The Matanzas Woods golf course, a 275-acre sprawl in the L Section of Palm Coast unused for almost 10 years, has been a thorn in the side of residents and the city for years. (© FlaglerLive)

The nightmare that’s been the Matanzas Woods Golf Course for Palm Coast government and residents around the course has turned into a legal duel between city government and the Jacksonville-based owners of the course: citing recurring code enforcement violations and unpaid fines, Palm Coast filed suit to foreclose on the property.

The filing follows a March filing by the golf course owners to enjoin the city against enforcing what the owners call “vague, unspecified and inapplicable ordinances.”

No hearing or follow-up was scheduled after the golf group filed its for the injunction, nor has Palm Coast responded to the complaint. A February 2 hearing, however, is scheduled on Palm Coast’s foreclosure action, before Circuit Judge Scott DuPont at the Flagler County Courthouse.

The so-called Group Golf of Palm Coast LLC bought the property two years ago for $266,800. Michael Yokan, the attorney of record on Palm Coast’s foreclosure suit and one of the two names listed as owners of the property, did not return a call Wednesday.
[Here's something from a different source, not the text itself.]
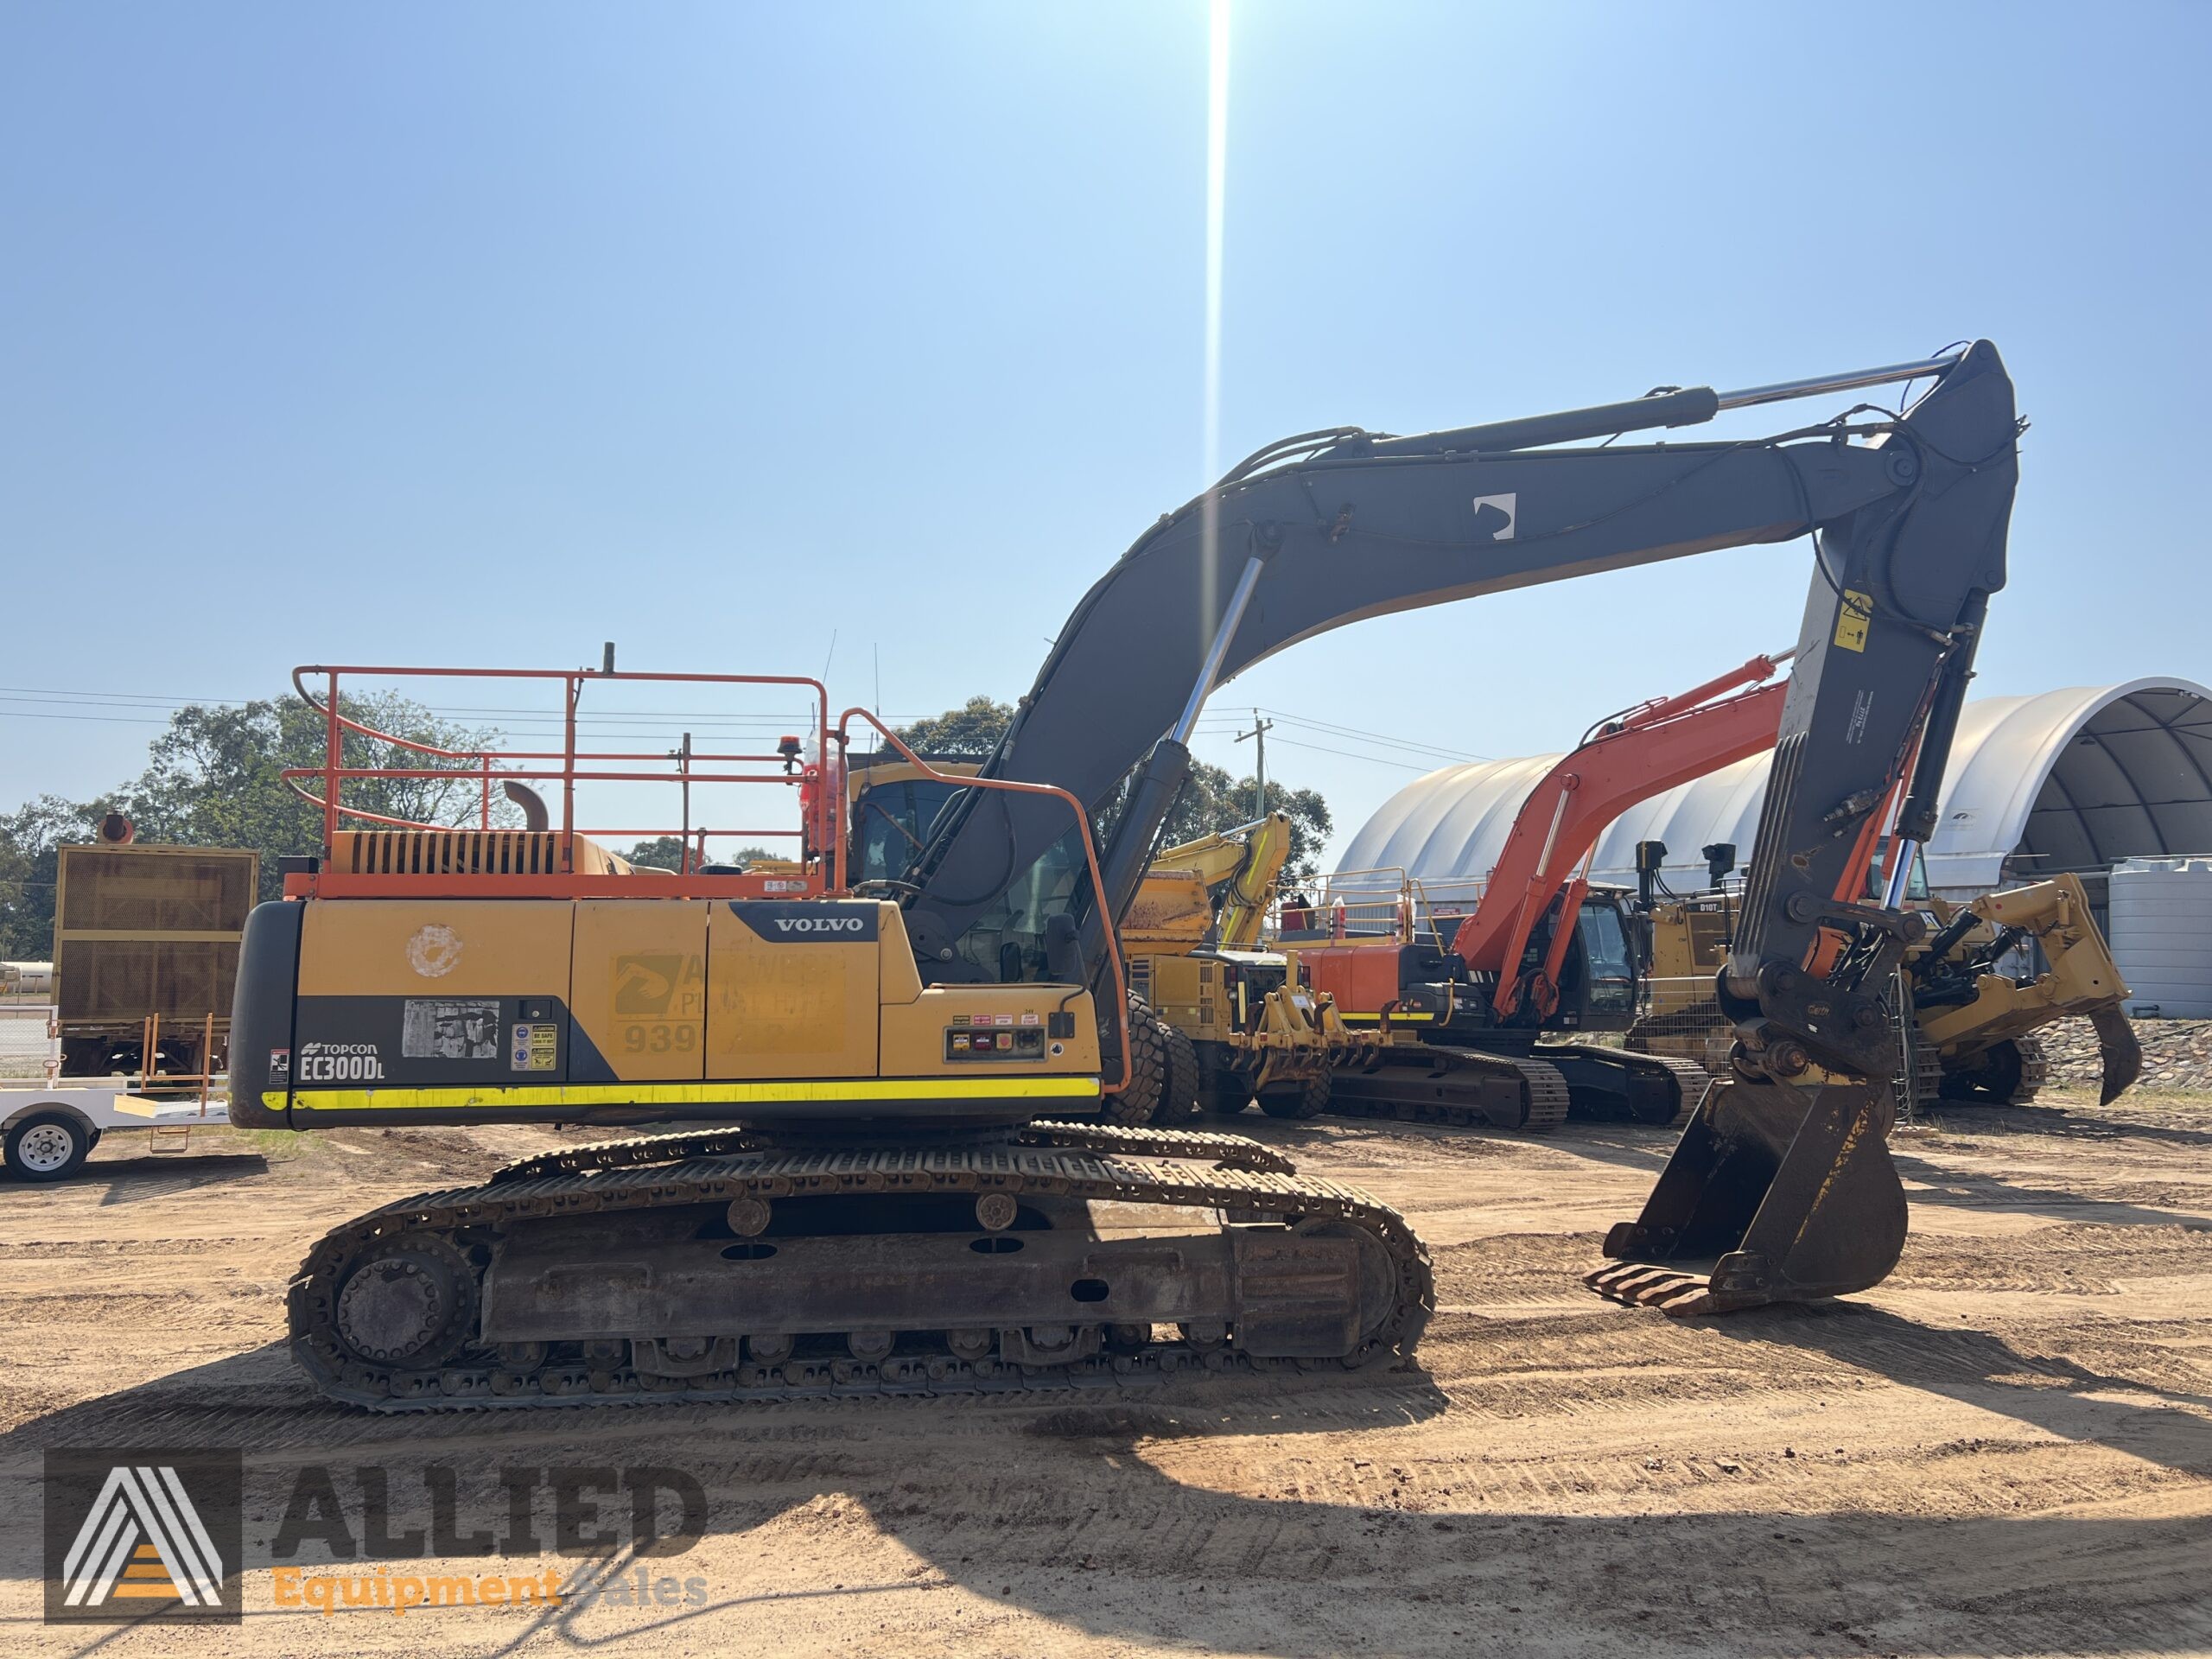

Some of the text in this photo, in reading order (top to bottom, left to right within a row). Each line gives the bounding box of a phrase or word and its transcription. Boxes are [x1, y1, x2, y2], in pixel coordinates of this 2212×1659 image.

[774, 918, 864, 931] VOLVO
[1920, 912, 1942, 931] AT
[301, 1056, 385, 1081] EC300DL
Stephen Richardson, the other listed owner, told the News-Journal in January that he had plans for the property, and had been approached by “quite a few people about doing something with it,” but he revealed no further details.

As residents’ complaints mounted, so did a case against the property by Palm Coast’s Code Enforcement division. So did unpaid utility bills to the city. In the fall of 2015, with $500-a-day fines from alleged code enforcement violations exceeding $30,000 and utility bills unpaid, the city imposed a lien on the property, and the Code Enforcement Board declared the property in non-compliance. The fines, according to the court papers, “shall continue to run until the property is brought into compliance.”

There is no dollar figure in the papers since the 2015 total, but if the fines have accrued at a rate of $500 a day since, the total would exceed $200,000 by now. By March 2016, with the fines and liens unsatisfied, the Code Enforcement Board ordered the property foreclosed. The city filed the foreclosure action on Oct. 28.

In March, Golf Group claimed when it filed for an injunction that the city was violating its due process while “attempting to hold Golf Group to an unrealistic and unachievable standard of property maintenance.” The examples it cited were the city’s alleged requirement that the property must be maintained “free of weeds,” a standard Group Golf said was “completely arbitrary, irrational and discriminatory.” The group claimed properties neighboring the golf course and owned by the city were not held to the same “irrational standard.”

“Apparently,” the complaint stated, “in Palm Coast and Code Enforcement Officer Michael Esposito’s mind a single dandelion on the property is a code violation.” (Esposito has since left Palm Coast government to join Flagler County government as a special projects coordinator.)

The group also claims that the city is acting on behalf of Jim Cullis, the developer, who has been interested in the property.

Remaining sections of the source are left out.